What is required —
Copy the records below in full, changing no character.

Records provided —
# # # # # # #
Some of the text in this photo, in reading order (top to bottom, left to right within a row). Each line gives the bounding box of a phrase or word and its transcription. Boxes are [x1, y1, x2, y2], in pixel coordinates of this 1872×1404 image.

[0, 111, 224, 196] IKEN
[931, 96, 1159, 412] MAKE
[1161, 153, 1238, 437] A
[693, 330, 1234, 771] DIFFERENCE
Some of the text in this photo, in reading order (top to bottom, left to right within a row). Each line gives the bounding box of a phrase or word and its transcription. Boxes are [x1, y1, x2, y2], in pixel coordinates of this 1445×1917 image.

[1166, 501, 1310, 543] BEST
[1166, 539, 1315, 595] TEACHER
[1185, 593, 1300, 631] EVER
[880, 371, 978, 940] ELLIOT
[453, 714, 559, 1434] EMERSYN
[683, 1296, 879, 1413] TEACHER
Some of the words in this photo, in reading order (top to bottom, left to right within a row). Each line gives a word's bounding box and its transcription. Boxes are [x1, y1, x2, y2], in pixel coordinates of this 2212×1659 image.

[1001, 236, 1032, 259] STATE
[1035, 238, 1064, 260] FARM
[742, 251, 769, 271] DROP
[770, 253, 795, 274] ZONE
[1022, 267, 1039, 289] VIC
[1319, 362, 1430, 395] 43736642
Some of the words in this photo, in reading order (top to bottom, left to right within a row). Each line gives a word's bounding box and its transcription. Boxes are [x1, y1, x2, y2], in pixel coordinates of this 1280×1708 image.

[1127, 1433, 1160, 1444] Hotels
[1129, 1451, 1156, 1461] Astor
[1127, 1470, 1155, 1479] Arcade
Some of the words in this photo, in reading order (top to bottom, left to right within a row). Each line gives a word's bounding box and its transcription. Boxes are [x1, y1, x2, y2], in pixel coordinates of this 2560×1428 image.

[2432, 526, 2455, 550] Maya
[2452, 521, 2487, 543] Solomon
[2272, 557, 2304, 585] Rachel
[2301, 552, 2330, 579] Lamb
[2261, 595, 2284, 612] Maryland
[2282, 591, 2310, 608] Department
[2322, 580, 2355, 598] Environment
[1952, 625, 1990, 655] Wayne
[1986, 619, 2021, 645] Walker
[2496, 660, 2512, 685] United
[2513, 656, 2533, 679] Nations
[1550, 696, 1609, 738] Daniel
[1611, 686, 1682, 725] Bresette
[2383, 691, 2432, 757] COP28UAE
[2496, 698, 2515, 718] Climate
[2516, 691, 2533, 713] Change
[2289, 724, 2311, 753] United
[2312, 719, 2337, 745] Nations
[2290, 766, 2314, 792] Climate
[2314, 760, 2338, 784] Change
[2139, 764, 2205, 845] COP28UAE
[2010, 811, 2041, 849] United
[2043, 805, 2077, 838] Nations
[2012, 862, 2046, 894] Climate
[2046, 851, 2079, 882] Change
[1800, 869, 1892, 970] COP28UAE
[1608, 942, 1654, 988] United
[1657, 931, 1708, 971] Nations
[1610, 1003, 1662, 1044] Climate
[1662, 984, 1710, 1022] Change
# # # # # # #
Written response —
Some of the text in this photo, in reading order (top to bottom, left to right within a row). Each line gives the bounding box of a phrase or word and its transcription. Boxes are [x1, y1, x2, y2], in pixel coordinates of this 1872×1404 image.

[0, 111, 224, 196] IKEN
[931, 96, 1159, 412] MAKE
[1161, 153, 1238, 437] A
[693, 330, 1234, 771] DIFFERENCE
Some of the text in this photo, in reading order (top to bottom, left to right within a row). Each line gives the bounding box of a phrase or word and its transcription. Boxes are [x1, y1, x2, y2], in pixel coordinates of this 1445×1917 image.

[1166, 501, 1310, 543] BEST
[1166, 539, 1315, 595] TEACHER
[1185, 593, 1300, 631] EVER
[880, 371, 978, 940] ELLIOT
[453, 714, 559, 1434] EMERSYN
[683, 1296, 879, 1413] TEACHER
Some of the words in this photo, in reading order (top to bottom, left to right within a row). Each line gives a word's bounding box and its transcription. Boxes are [x1, y1, x2, y2], in pixel coordinates of this 2212×1659 image.

[1001, 236, 1032, 259] STATE
[1035, 238, 1064, 260] FARM
[742, 251, 769, 271] DROP
[770, 253, 795, 274] ZONE
[1022, 267, 1039, 289] VIC
[1319, 362, 1430, 395] 43736642
Some of the words in this photo, in reading order (top to bottom, left to right within a row). Each line gives a word's bounding box and its transcription. Boxes are [x1, y1, x2, y2], in pixel coordinates of this 1280×1708 image.

[1127, 1433, 1160, 1444] Hotels
[1129, 1451, 1156, 1461] Astor
[1127, 1470, 1155, 1479] Arcade
Some of the words in this photo, in reading order (top to bottom, left to right within a row). Each line gives a word's bounding box and its transcription. Boxes are [x1, y1, x2, y2], in pixel coordinates of this 2560×1428 image.

[2432, 526, 2455, 550] Maya
[2452, 521, 2487, 543] Solomon
[2272, 557, 2304, 585] Rachel
[2301, 552, 2330, 579] Lamb
[2261, 595, 2284, 612] Maryland
[2282, 591, 2310, 608] Department
[2322, 580, 2355, 598] Environment
[1952, 625, 1990, 655] Wayne
[1986, 619, 2021, 645] Walker
[2496, 660, 2512, 685] United
[2513, 656, 2533, 679] Nations
[1550, 696, 1609, 738] Daniel
[1611, 686, 1682, 725] Bresette
[2383, 691, 2432, 757] COP28UAE
[2496, 698, 2515, 718] Climate
[2516, 691, 2533, 713] Change
[2289, 724, 2311, 753] United
[2312, 719, 2337, 745] Nations
[2290, 766, 2314, 792] Climate
[2314, 760, 2338, 784] Change
[2139, 764, 2205, 845] COP28UAE
[2010, 811, 2041, 849] United
[2043, 805, 2077, 838] Nations
[2012, 862, 2046, 894] Climate
[2046, 851, 2079, 882] Change
[1800, 869, 1892, 970] COP28UAE
[1608, 942, 1654, 988] United
[1657, 931, 1708, 971] Nations
[1610, 1003, 1662, 1044] Climate
[1662, 984, 1710, 1022] Change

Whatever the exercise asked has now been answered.